The WTO estimates that the sale of goods will advance by only 3% this year due to the sharp increase in prices and the lack of essential products due to the conflict between Russia and Ukraine
World trade, which was practically suspended during the worst months of the pandemic, was beginning to gain strength, but the war in Ukraine has spoiled all its growth expectations. The World Trade Organization (WTO) has lowered its growth estimates for this year by almost two points, from 4.7% to 3%. For the coming year, the advance in the volume of goods is 3.4%.
Even so, the organization warns that these forecasts are "more uncertain than usual" because the conflict is still latent.
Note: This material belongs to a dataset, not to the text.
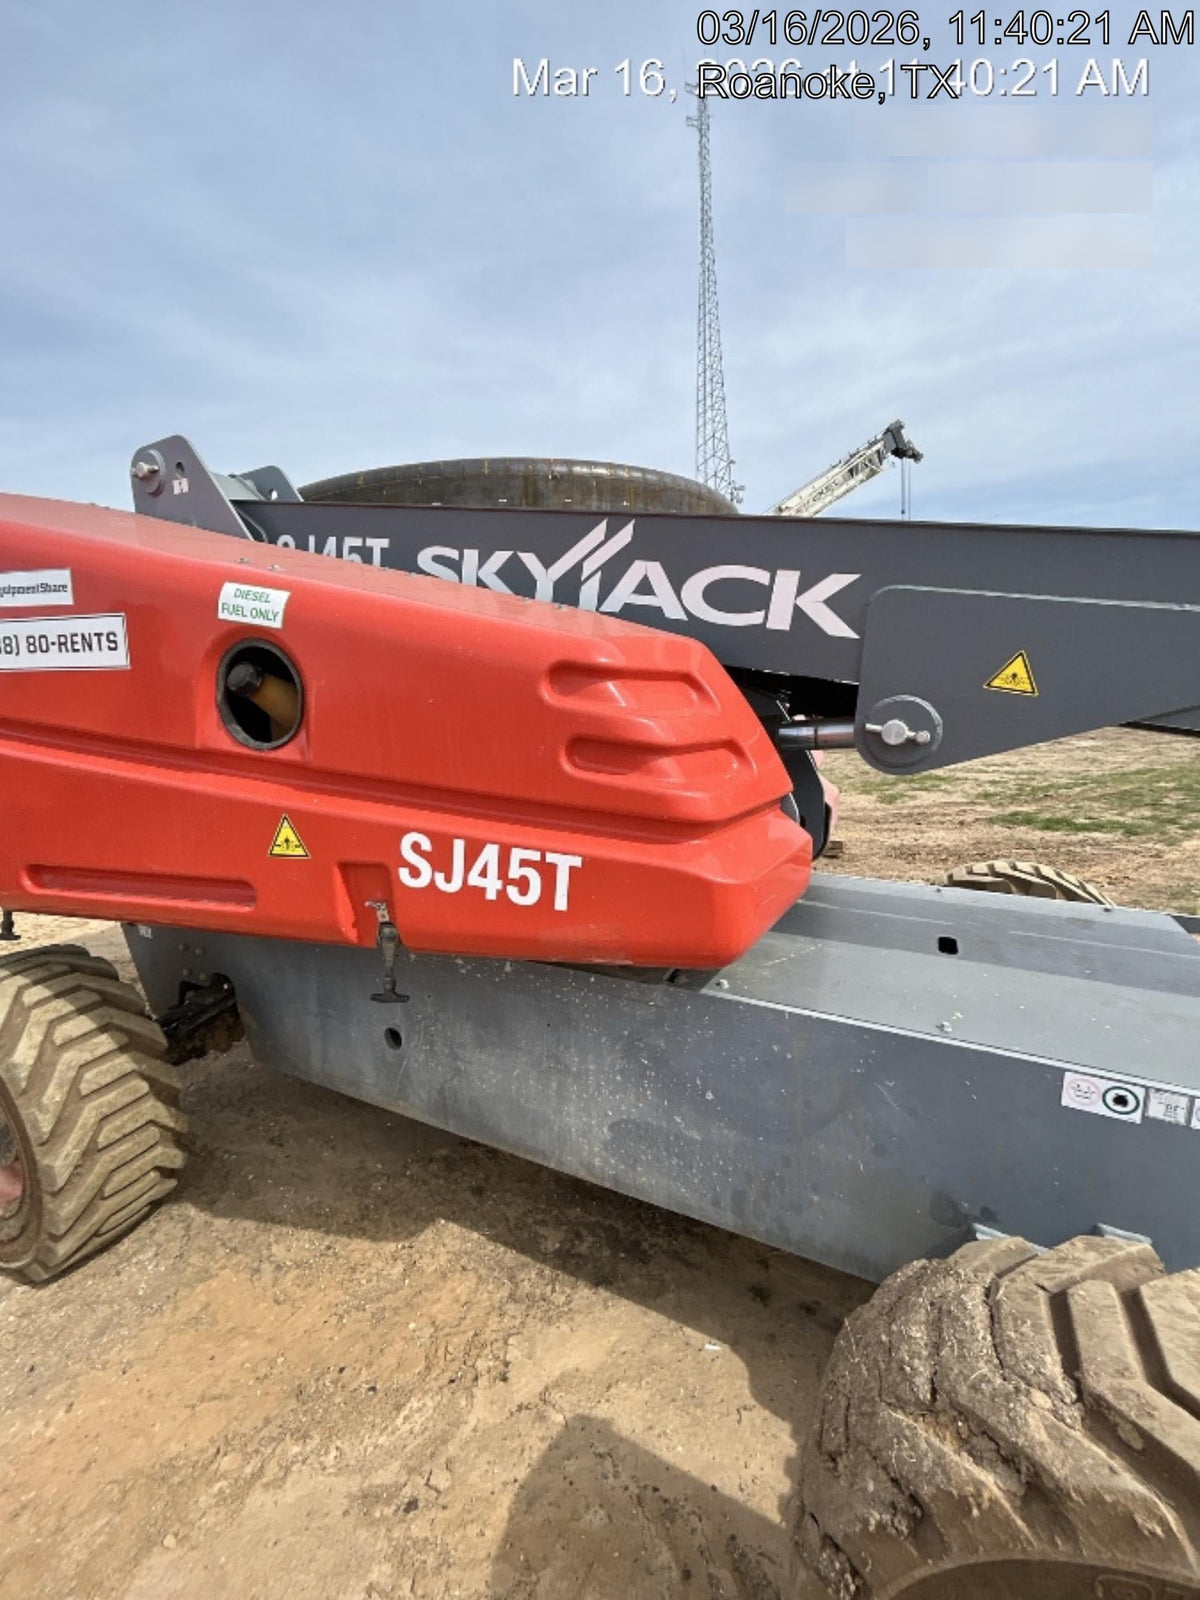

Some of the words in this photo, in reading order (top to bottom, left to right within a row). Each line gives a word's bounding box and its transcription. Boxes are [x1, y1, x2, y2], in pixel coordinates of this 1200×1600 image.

He assures in a report published this Tuesday that the outlook for the world economy "has darkened" since the outbreak of the war, after global trade grew by 9.8% in 2021.
The general director of the organization, Ngozi Okonjo-Iweala, indicates that the war has harmed the world economy "at a critical moment" and warns that "this is not the time to close in on ourselves" given the importance of trade in the Global economy. "In a crisis, more trade is needed to ensure stable and equitable access to essential items, its restriction threatens the well-being of families and businesses," she says.
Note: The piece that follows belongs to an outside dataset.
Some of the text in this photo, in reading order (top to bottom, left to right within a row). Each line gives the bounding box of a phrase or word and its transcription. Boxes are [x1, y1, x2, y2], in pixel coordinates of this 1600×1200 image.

But the consequences of a lower level of trade are already being seen in macroeconomic growth. The WTO forecasts global GDP to grow by just 2.8% this year, down from 4.1% earlier estimates and a 5.7% rise in 2021.
Because Russia and Ukraine are "key" suppliers of food and energy, the first economic impact of the conflict has been a "sharp increase in the prices of basic products," says the report, whose supply is "threatened" by the war. . Thus, the WTO warns that the interruption of cereal shipments through Black Sea ports could have "dire" consequences for the security and food supply of poor countries.
In addition, the agency focuses on the new confinements in China to prevent the spread of covid-19 as a new factor that is slowing down maritime trade. The report emphasizes that now that pressures in the supply chain seemed to ease, this new situation in China could lead to a new period of shortage of raw material inputs and a further increase in prices.